Neuronal Ceroid Lipofuscinosis Type 6 (CLN6) clinical findings and molecular diagnosis: Costa Rica's experience.
Background: Commonly known as Batten disease, the neuronal ceroid lipofuscinoses (NCLs) are a genetically heterogeneous group of rare pediatric lysosomal storage disorders characterized by the intracellular accumulation of autofluorescent material (known as lipofuscin), progressive neurodegeneration, and neurological symptoms. In 2002, a disease-causing NCL mutation in the CLN6 gene was identified (c.214G > T) in the Costa Rican population, but the frequency of this mutation among local Batten disease patients remains incompletely characterized, as do clinical and demographic attributes for this rare patient population.
Objective: To describe the main sociodemographic and clinical characteristics of patients with a clinical diagnosis for Batten Disease treated at the National Children's Hospital in Costa Rica and to characterize via molecular testing their causative mutations.
Methods: DNA extracted from buccal swabs was used for CLN6 gene sequencing. Participants' sociodemographic and clinical characteristics were also obtained from their medical records.

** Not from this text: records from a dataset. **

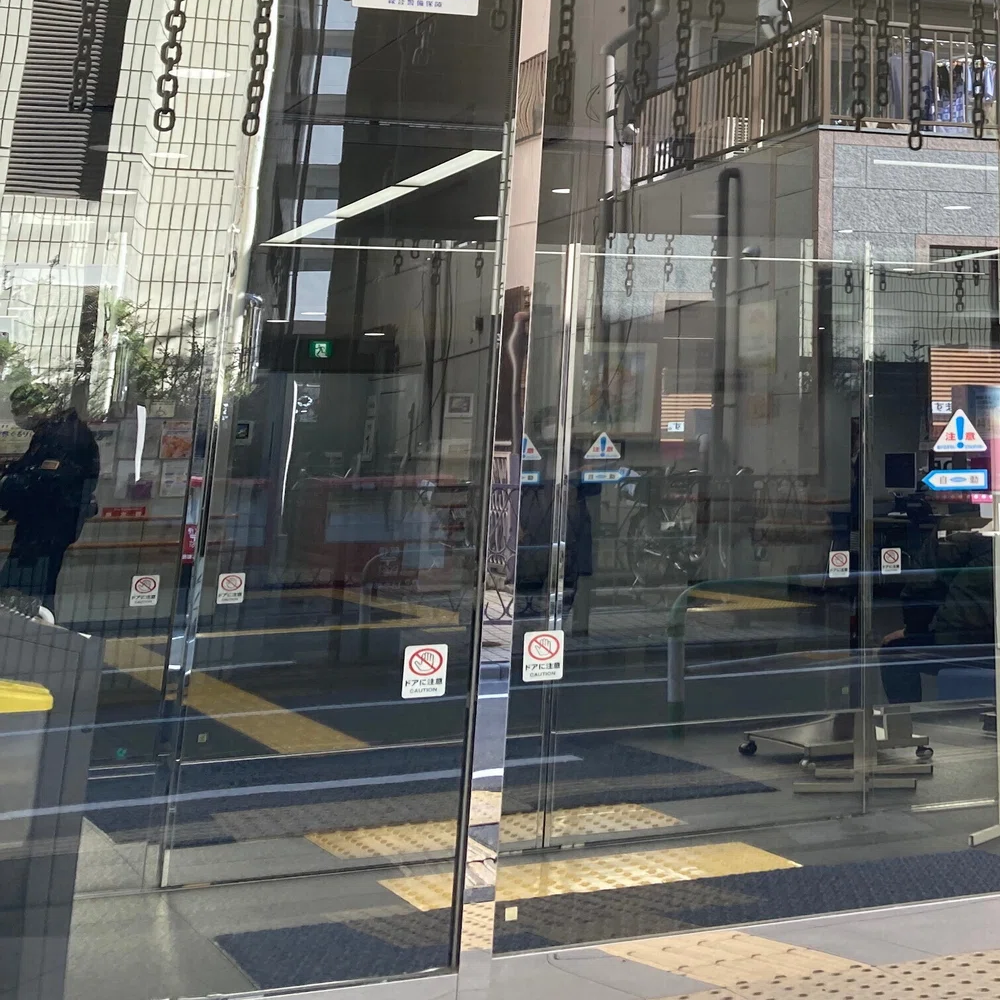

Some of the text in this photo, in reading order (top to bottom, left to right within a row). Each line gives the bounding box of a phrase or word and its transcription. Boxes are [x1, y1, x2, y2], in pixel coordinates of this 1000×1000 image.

[525, 661, 561, 671] ドアに注意
[529, 670, 557, 678] CAUTION
[404, 677, 443, 687] ドアに注意
[409, 686, 438, 695] CAUTION
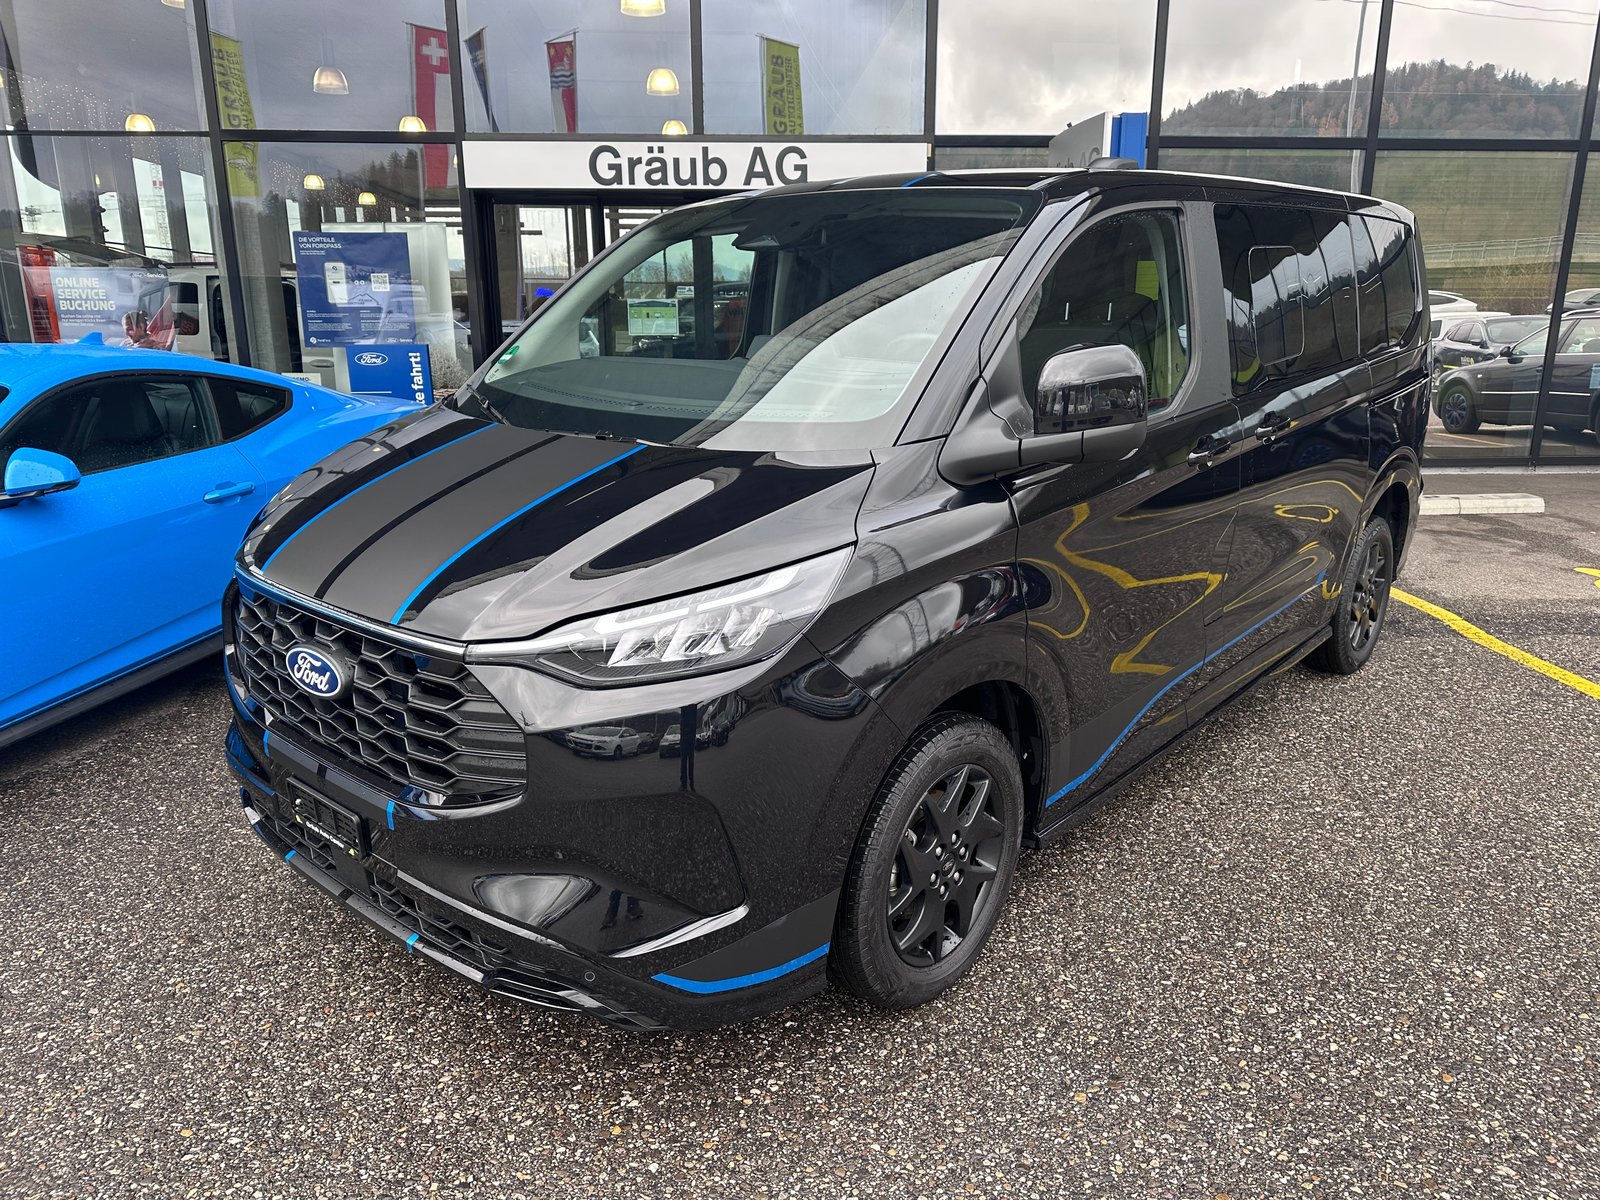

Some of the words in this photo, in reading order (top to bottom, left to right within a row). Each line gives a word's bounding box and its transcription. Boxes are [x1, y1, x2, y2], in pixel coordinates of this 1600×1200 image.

[588, 145, 728, 187] Gräub
[743, 145, 809, 187] AG
[56, 277, 100, 288] ONLINE
[58, 289, 106, 300] SERVICE
[60, 300, 116, 311] BUCHUNG
[360, 352, 383, 365] Ford
[408, 352, 424, 391] fahrt!
[294, 652, 331, 691] Ford

Results: Nine patients with a clinical diagnosis of Batten disease were identified. Genetic sequencing determined the presence of the previously described Costa Rican homozygous mutation in 8 of 9 cases. One patient did not have mutations in the CLN6 gene. In all cases where the Costa Rican CLN6 mutation was present, it was accompanied by a substitution in intron 2. Patients were born in 4 of the 7 Costa Rican provinces, with an average onset of symptoms close to 4 years of age. No parental consanguinity was present in pedigrees. Initial clinical manifestations varied between patients but generally included: gait disturbances, language problems, visual impairment, seizures and psychomotor regression. Cortical and cerebellar atrophy was a constant finding when neuroimaging was performed. Seizure medication was a common element of treatment regimens.
Conclusions: This investigation supports that the previously characterized c.214G > T mutation is the most common causative NCL mutation in the Costa Rican population. This mutation is geographically widespread among Costa Rican NCL patients and yields a clinical presentation similar to that observed for CLN6 NCL patients in other geographies.